*DESCRIPTION OF THE TASK:* Exact copy, no pictures: return all the data below as written.

*SOURCE MATERIAL:*
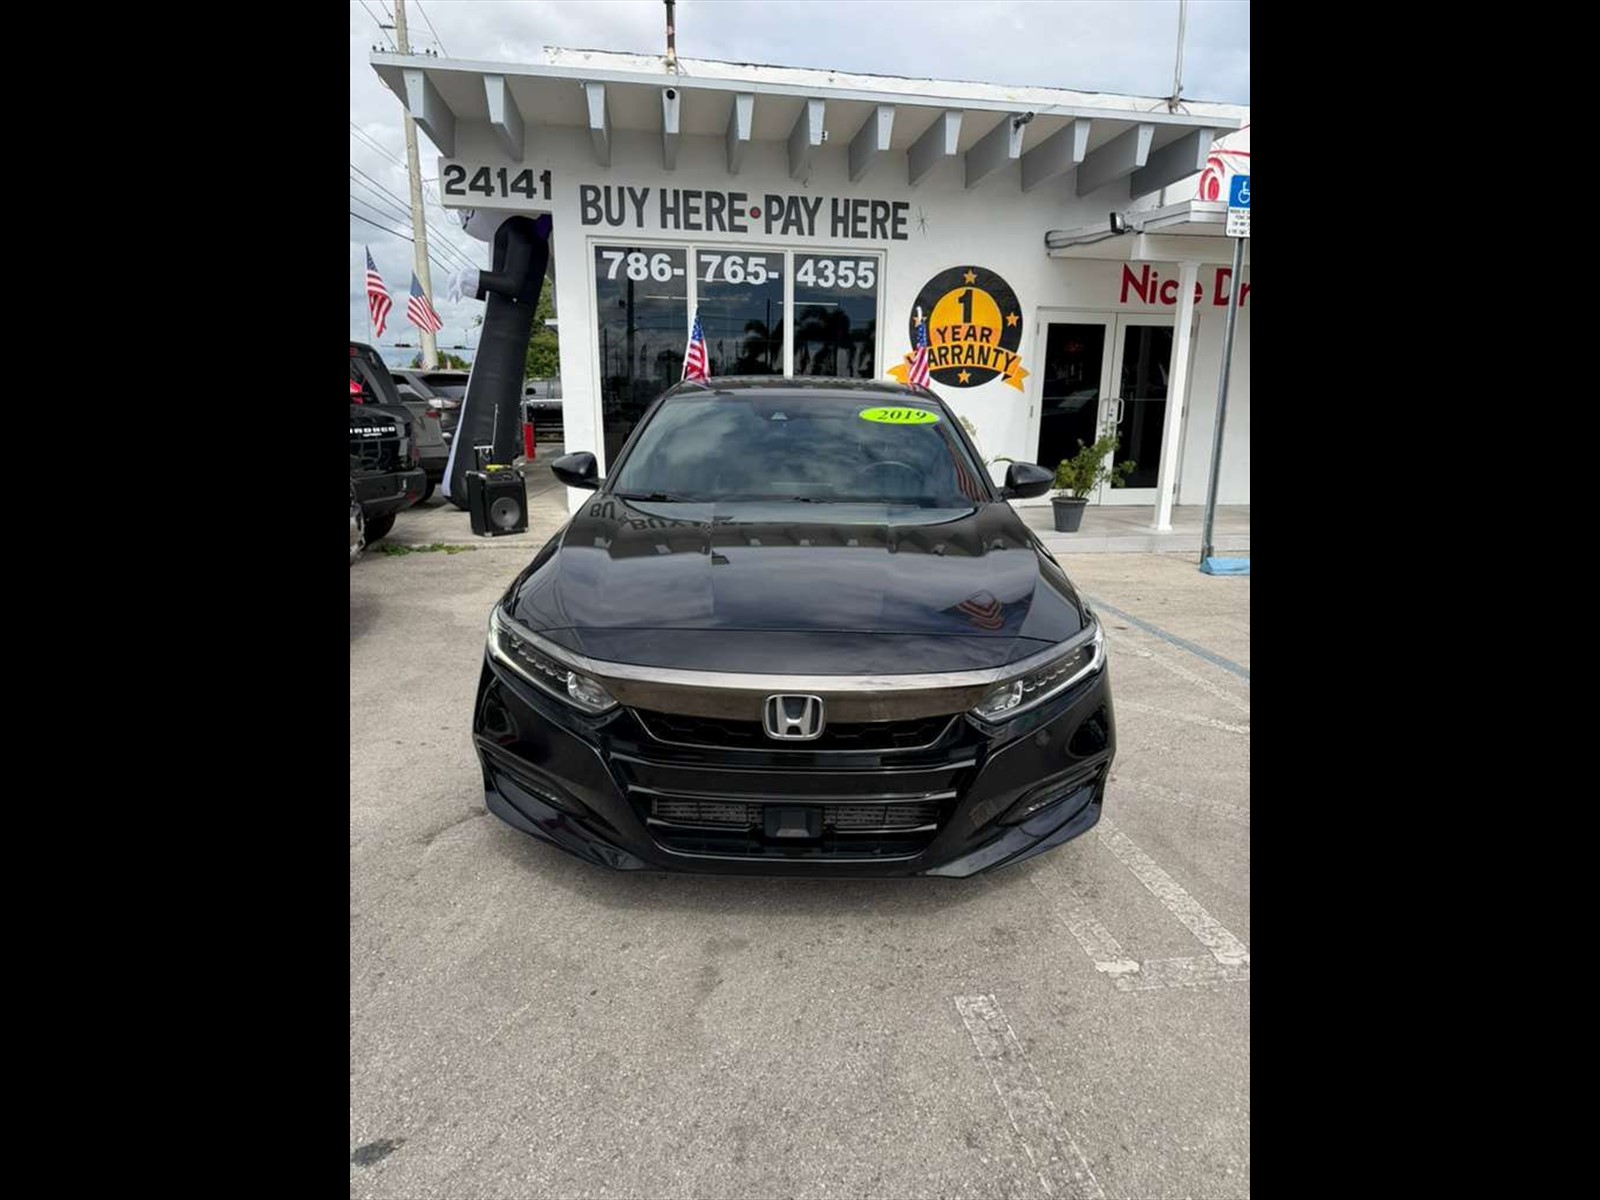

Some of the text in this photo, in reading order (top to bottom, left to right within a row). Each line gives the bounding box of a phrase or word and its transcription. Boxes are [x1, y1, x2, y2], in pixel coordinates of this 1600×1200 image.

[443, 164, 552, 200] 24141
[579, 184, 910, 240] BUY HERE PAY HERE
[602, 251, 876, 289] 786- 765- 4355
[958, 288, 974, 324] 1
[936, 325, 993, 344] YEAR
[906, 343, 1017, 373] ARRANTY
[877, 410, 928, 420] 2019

*RESPONSE TO THIS EXERCISE:*
Some of the text in this photo, in reading order (top to bottom, left to right within a row). Each line gives the bounding box of a phrase or word and its transcription. Boxes are [x1, y1, x2, y2], in pixel coordinates of this 1600×1200 image.

[443, 164, 552, 200] 24141
[579, 184, 910, 240] BUY HERE PAY HERE
[602, 251, 876, 289] 786- 765- 4355
[958, 288, 974, 324] 1
[936, 325, 993, 344] YEAR
[906, 343, 1017, 373] ARRANTY
[877, 410, 928, 420] 2019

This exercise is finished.